By Jonathan F. Cohn, a Partner with Sidley & Austin LLP in Washington, DC, and Paul J. Ray, an Associate with the firm.

Attempting to aggrandize governmental power at the expense of the Constitution, a number of federal agencies and state actors have pushed to expand a narrow exception to the First Amendment.  As originally conceived, this exception to free speech applied only to deceptive commercial speech.  In recent years, however, government attorneys have argued that the exception also applies in a variety of circumstances in which the government mandates businesses to deliver the government’s chosen message.  One decision by the US Court of Appeals for the DC Circuit lent credence to this position.  However, courts have generally rejected the efforts of federal and state governments to dictate the speech of private actors.

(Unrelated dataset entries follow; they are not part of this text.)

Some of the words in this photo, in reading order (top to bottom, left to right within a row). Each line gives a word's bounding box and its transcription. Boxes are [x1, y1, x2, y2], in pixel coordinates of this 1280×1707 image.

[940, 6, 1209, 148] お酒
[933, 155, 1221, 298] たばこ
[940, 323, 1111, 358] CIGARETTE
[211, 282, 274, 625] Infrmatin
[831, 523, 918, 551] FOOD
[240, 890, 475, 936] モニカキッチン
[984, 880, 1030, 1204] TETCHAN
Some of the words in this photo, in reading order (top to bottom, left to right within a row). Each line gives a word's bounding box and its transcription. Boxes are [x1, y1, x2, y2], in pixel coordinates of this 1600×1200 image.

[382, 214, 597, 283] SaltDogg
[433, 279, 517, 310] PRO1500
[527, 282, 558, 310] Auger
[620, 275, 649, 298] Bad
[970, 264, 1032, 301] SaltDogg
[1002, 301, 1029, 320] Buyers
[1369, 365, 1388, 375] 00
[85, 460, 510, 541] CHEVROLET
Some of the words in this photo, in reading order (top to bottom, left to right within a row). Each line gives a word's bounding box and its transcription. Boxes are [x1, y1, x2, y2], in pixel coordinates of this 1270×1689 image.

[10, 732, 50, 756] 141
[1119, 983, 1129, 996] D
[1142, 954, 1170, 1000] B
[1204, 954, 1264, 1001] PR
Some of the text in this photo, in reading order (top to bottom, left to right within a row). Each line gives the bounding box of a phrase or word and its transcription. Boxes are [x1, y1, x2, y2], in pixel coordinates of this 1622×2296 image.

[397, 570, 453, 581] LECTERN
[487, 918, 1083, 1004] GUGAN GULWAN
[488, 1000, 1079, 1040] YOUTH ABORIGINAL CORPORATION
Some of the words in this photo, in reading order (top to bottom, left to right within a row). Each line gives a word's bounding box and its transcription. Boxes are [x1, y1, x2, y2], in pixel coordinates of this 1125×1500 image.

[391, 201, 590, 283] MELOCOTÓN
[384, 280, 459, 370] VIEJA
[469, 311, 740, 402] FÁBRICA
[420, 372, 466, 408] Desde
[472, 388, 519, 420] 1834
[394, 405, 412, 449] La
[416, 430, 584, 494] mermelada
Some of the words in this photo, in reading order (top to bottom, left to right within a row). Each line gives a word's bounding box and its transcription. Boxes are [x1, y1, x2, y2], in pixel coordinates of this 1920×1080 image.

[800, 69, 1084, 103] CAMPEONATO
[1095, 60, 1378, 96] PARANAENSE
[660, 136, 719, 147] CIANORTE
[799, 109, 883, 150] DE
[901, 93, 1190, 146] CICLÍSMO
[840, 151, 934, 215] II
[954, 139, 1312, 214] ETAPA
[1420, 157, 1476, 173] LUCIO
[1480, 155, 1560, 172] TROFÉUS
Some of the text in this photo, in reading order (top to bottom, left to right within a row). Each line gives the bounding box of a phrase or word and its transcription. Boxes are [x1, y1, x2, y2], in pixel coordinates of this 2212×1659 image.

Government-mandated speech inherently raises First Amendment concerns.  Generally, federal and state regulations that compel commercial speech receive the same First Amendment scrutiny as other types of commercial speech regulation under Central Hudson Gas & Electric Corp. v. Public Service Commission of New York 1—a standard that has properly grown increasingly protective in recent years.2  In Zauderer v. Office of Disciplinary Counsel of the Supreme Court of Ohio, however, the US Supreme Court carved out a narrow exception; a disclosure requirement that is “reasonably related to the State’s interest in preventing deception of consumers3 need not pass the tests that ordinarily apply to commercial speech regulations, including that the regulation be no “more extensive than is necessary to serve [a substantial government] interest.”4

From the beginning, the Supreme Court limited this narrow exception to disclosure requirements needed to prevent consumer deception.  This limitation is critical because it prevents the exception from swallowing the rule and allowing the government to compel America’s businesses to make ideological or other statements with which they disagree.  At the same time, the limitation does not interfere with laws legitimately designed to prohibit deceptive practices that harm consumers, undermine competition, and serve no societal benefit. Among the anti-deception regulations that have been upheld under Zauderer are a state law requiring pharmacy benefit managers to disclose conflicts of interest and financial arrangements that could give rise to them;5 a federal statute requiring disclosure of certain facts about the bankruptcy process by debt relief agencies;6 and a Department of Transportation rule requiring airlines to post prominently the final price for tickets.7

By contrast, for decades, courts have struck down regulations not related to preventing deception.  For instance, the Second Circuit struck down a Vermont statute requiring milk manufacturers to disclose the use of certain hormones in their cows.  The court explained that the statute was designed to satisfy consumer curiosity, not to prevent consumer deception.8

In a recent case, American Meat Institute v. US Department of Agriculture, the DC Circuit dealt a blow to this important limitation, applying Zauderer to a federal regulation that was not drawn to prevent consumer deception.  The regulation required labels on certain meat products disclosing the country of origin.  The court held that Zauderer applied and upheld the regulation, notwithstanding the absence of a consumer-deception rationale.  Iin quite an understatement, the cour acknowledged that the Supreme Court had “suggested possible confinement” of Zauderer “to correcting deception,” but declined to apply this limitation because, in the circuit court’s view, the Supreme Court’s rationale extended more broadly than its express language.9  By departing from a longstanding and critical limitation on Zauderer review, the DC Circuit has raised the specter of a wave of regulations that compel private businesses to parrot the government’s preferred message on an undefined host of topics.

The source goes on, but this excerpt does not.